Even though the chronic use of cocaine by our patient could not be definitively excluded as a possible etiologic agent, the temporal correlation between new onset nephrotic-range proteinuria and SARS-CoV-2 infection (i.e. less than three months) suggests the predominant role of the virus rather than of the drug in the pathogenesis. In addition, biopsy revealed the presence of microcystic dilatation in some tubular profiles which are very similar to those observed in patients affected by HIVAN. This aspect allows us to speculate that the same type of lesions might be associated with SARS-CoV-2.

Moreover, although the patient kept using cocaine, proteinuria markedly dropped after virus clearance without any significant immunosuppressive therapy,which had to be discontinued early due to the iatrogenic side effects.

Nevertheless, we could not completely exclude the presence of histological signs related to chronic cocaine use, especially with regard to interstitial fibrosis and non collapsing segmental sclerosis in three of the four glomeruli involved, as previously reported by Jaffe et al. [9].
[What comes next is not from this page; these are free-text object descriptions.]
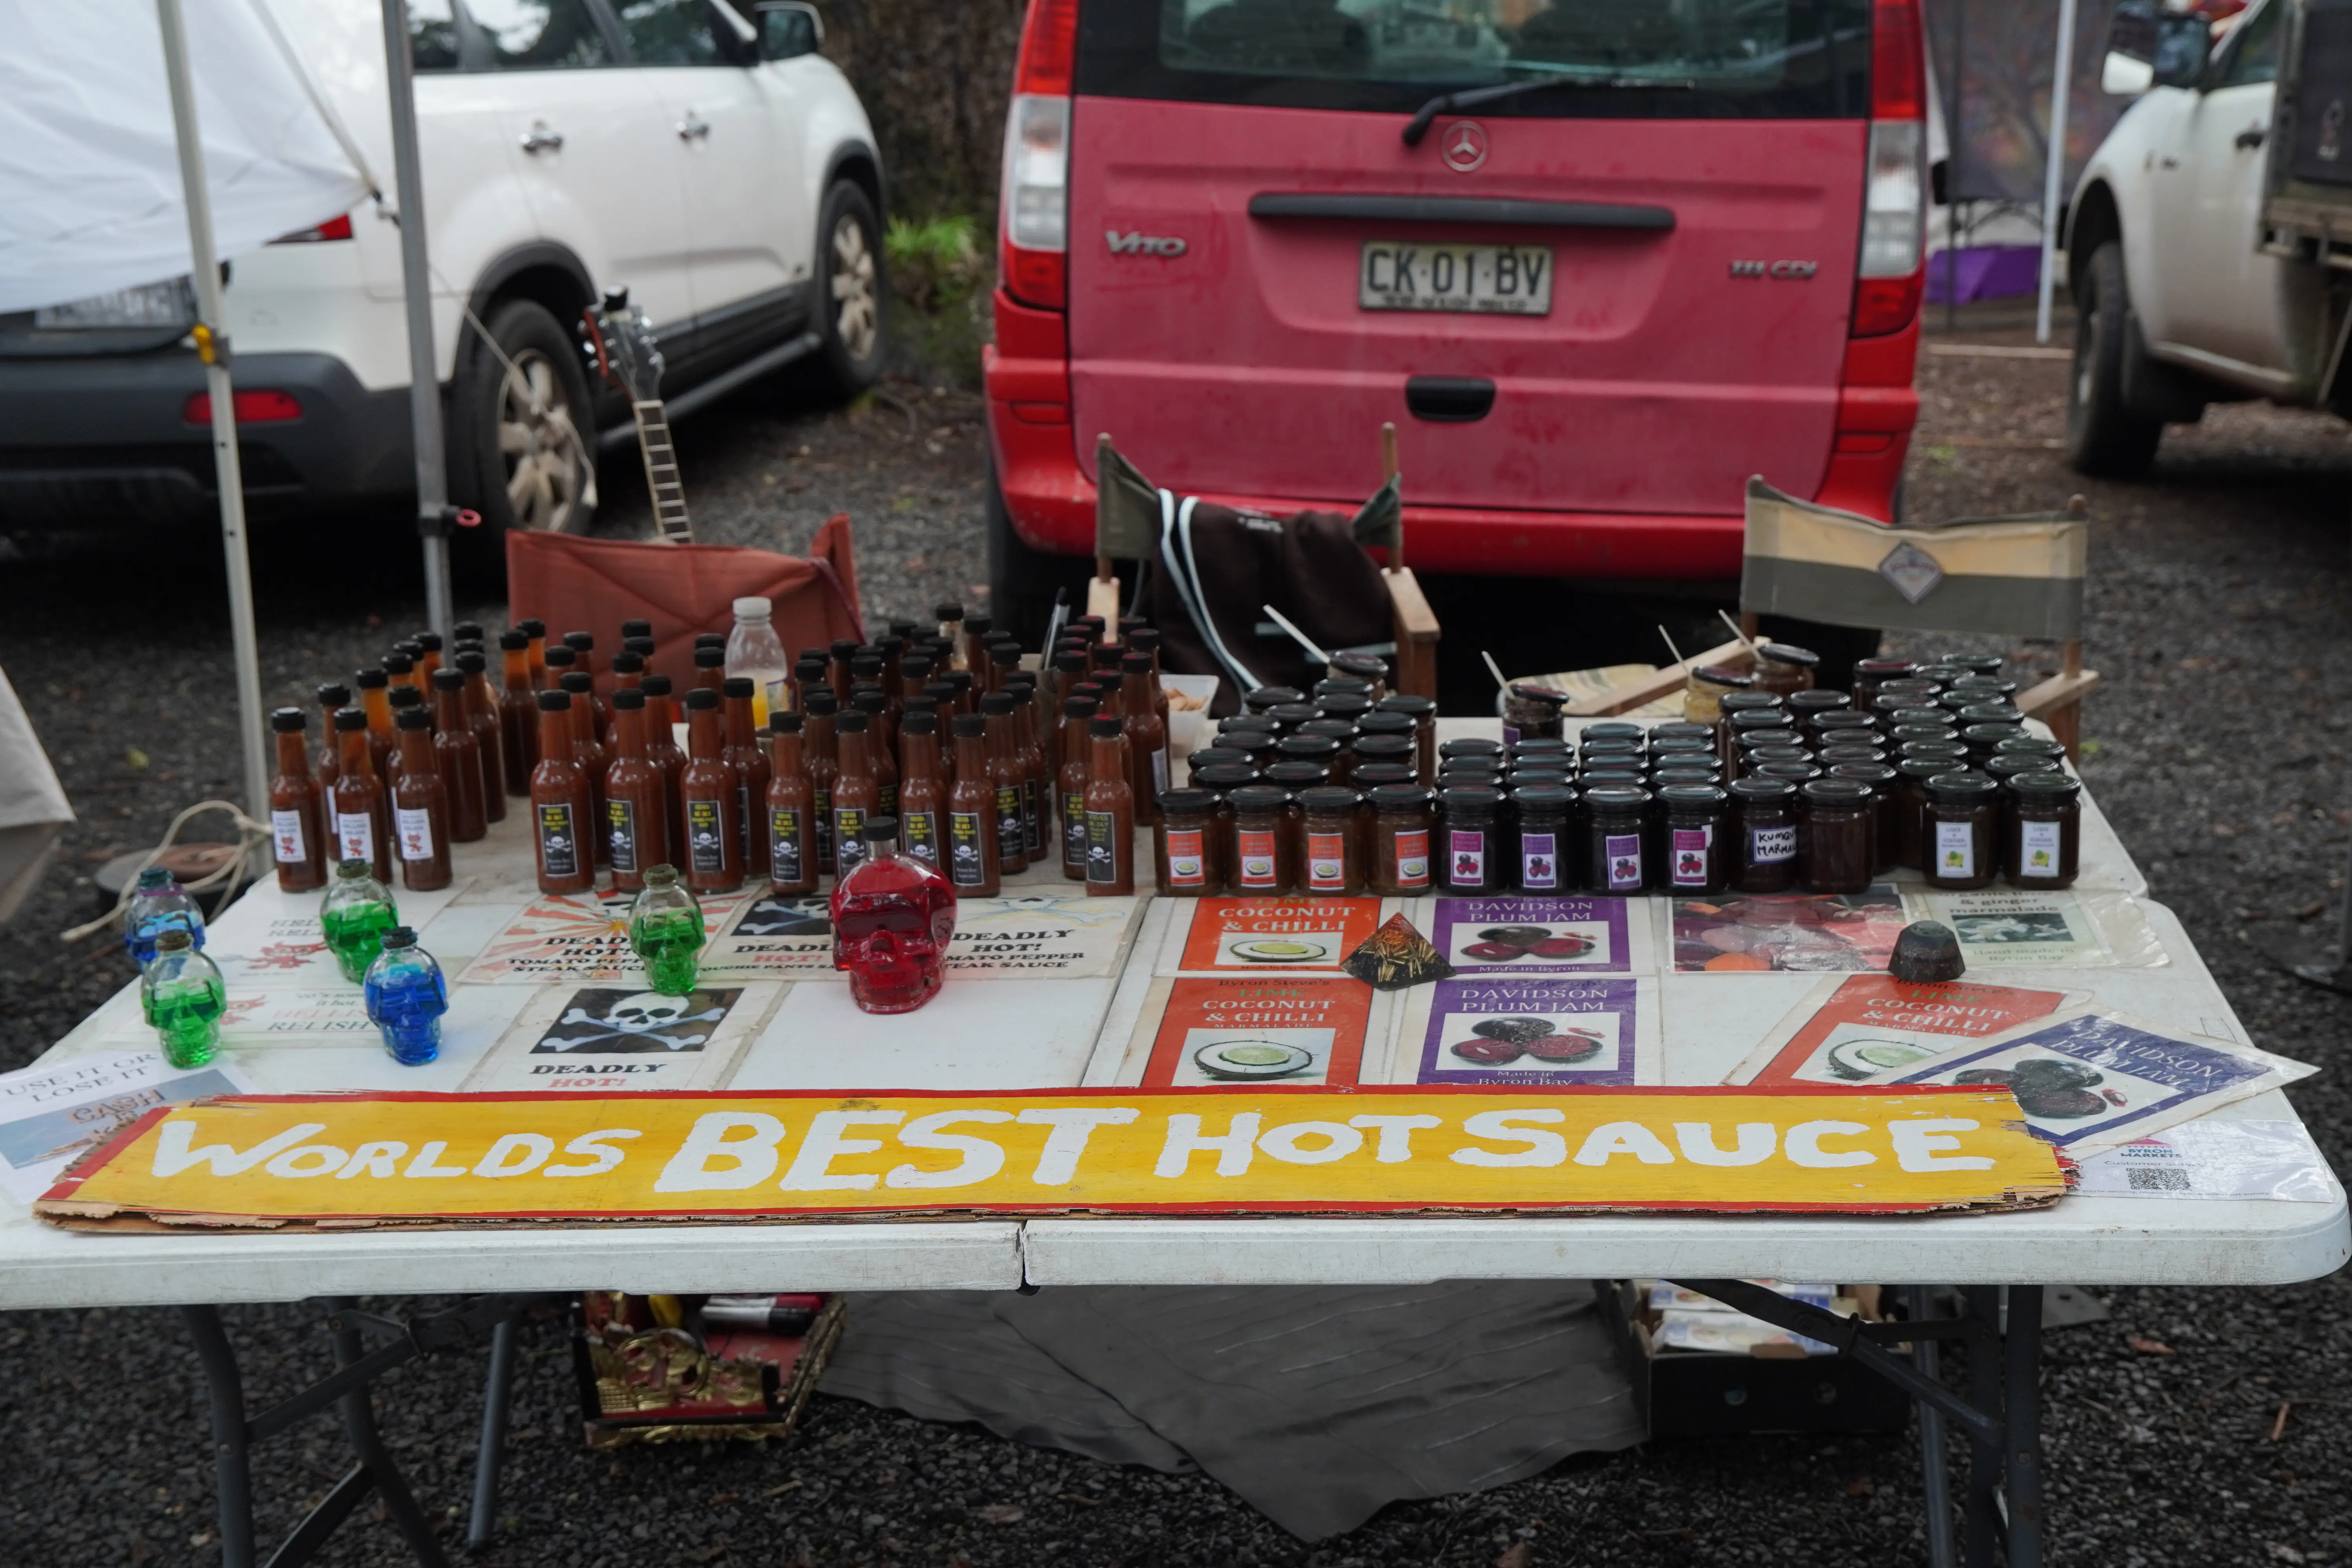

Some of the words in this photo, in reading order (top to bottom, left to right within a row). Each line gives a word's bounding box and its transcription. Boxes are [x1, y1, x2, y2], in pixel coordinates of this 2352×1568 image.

[1770, 259, 1819, 279] CDI
[1758, 830, 1794, 842] KUMQU
[1218, 907, 1356, 917] COCONUT
[1468, 902, 1593, 911] DAVIDSON
[1470, 913, 1536, 922] PLUM
[1545, 912, 1591, 922] JAM
[1221, 921, 1244, 931] &
[1252, 921, 1346, 931] CHILLI
[544, 936, 630, 945] DEAD
[951, 929, 1075, 941] DEADLY
[733, 944, 833, 953] DEADL
[971, 943, 1042, 952] HOT!
[1008, 952, 1085, 960] PEPPER
[1239, 989, 1306, 997] LIME
[1461, 989, 1608, 998] DAVIDSON
[1911, 989, 1985, 1004] LIME
[1202, 1000, 1336, 1009] COCONUT
[1462, 1002, 1540, 1012] PLUM
[1551, 1002, 1605, 1013] JAM
[1866, 998, 2010, 1020] COCONUT
[1205, 1013, 1225, 1022] &
[1234, 1013, 1325, 1022] CHILLI
[1862, 1010, 1884, 1020] &
[1893, 1013, 1991, 1032] CHILLI
[267, 1020, 369, 1031] RELISH
[1867, 1020, 1971, 1037] MARMALADE
[2074, 1029, 2224, 1078] DAVIDSON
[529, 1063, 668, 1074] DEADLY
[5, 1074, 67, 1096] USE
[76, 1065, 104, 1080] IT
[112, 1053, 159, 1069] OR
[2126, 1065, 2191, 1087] JAM
[32, 1075, 117, 1103] LOSE
[120, 1065, 149, 1080] IT
[547, 1078, 627, 1088] HOT!
[67, 1088, 166, 1124] CASH
[151, 1120, 642, 1180] WORLDS
[653, 1107, 1141, 1193] BEST
[1152, 1108, 1443, 1179] HOT
[1447, 1108, 1996, 1173] SAUCE
An interesting feature of collapsing glomerulopathy is that it prevails in African-American subjects: 60.7% of people affected by SARS-CoV-2 infection undergoing kidney biopsy carry the APOL1 high risk variant, which confers a selective advantage against trypanosomiasis but it increases the probability of developing collapsing glomerulopathy as per the double hit model. Considering the ethnicity of our patient, we speculate a possible APOL1 variant [10].

Kidney data from the study by May et al. described other nephropathies in patients with SARS-CoV-2 infection: minimal change disease, non-collapsing FSGF,  pauci-immune crescentic glomerulonephritis, membranous nephropathy, myoglobin cast nephropathy, thrombotic microangiopathy, etc. There was a lower frequency of chronic diseases such as diabetic nephropathy, arterionephrosclerosis, and IgA nephropathy regarding the general population as the biopsies were performed during acute kidney injury [3].
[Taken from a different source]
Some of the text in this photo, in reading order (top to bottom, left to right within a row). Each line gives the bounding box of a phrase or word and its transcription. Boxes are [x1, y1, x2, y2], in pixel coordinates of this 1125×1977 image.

We found superimposed IgA-dominant proliferative glomerulonephritis in our patient.

IgA renal deposits are typical features in cirrhotic patients even though their pathogenetic role is still unclear; reduced IgA clearance due to liver dysfunction may lead to IgA deposition in the glomeruli mimicking IgA nephropathy. Both IgA nephropathy and alcoholic cirrhosis abnormally glycosylate IgA1 and soluble CD89-IgA and IgG-IgA complexes, all of which are common mechanisms for distinct diseases [11].

In our patient, serum IgA levels were increased during HCV replication and they decreased after reducing the viral load.

Post-infectious glomerulonephritis related to SARS-CoV-2 has been described in the literature: the virus may act as a super antigen, similarly to Staphylococcus Aureus, activating B cells that subsequently produce polyclonal IgA and IgG, with glomerular deposition [12]. Therefore, in our patient IgA clearance after specific therapy for HCV suggests that IgA deposition is more likely associated with liver dysfunction than with SARS-CoV-2 infection. An interesting finding is that in IgA glomerulonephritis related to HCV, immunofluorescence usually shows a less intense complement deposition than what we found, and mesangial proliferation is less represented [13].

We did not perform electron microscopy therefore we could not definitively identify the real etiology.

Conclusions

Considering the pathogenic mechanisms that we describe, it is not possible to exclude that some glomerular diseases reported in the literature are unrelated to SARS-CoV-2 infection and may represent incidental findings or are related to other conditions. Interestingly, patients with glomerular involvement show fewer SARS-CoV-2-related symptoms than patients without, and perhaps interferon plays a role, but despite this, paucisymptomatic patients' general conditions could worsen. Our patient had no fever or other respiratory symptoms, however he showed progressive decline, resulting in hospital admission, in line with data reported in the literature confirming that SARS-CoV-2 infection is associated with poor general outcome [14].

This case shows how SARS-CoV-2 pandemy made clinicians face all the complex and kaleidoscopic aspects of renal pathology.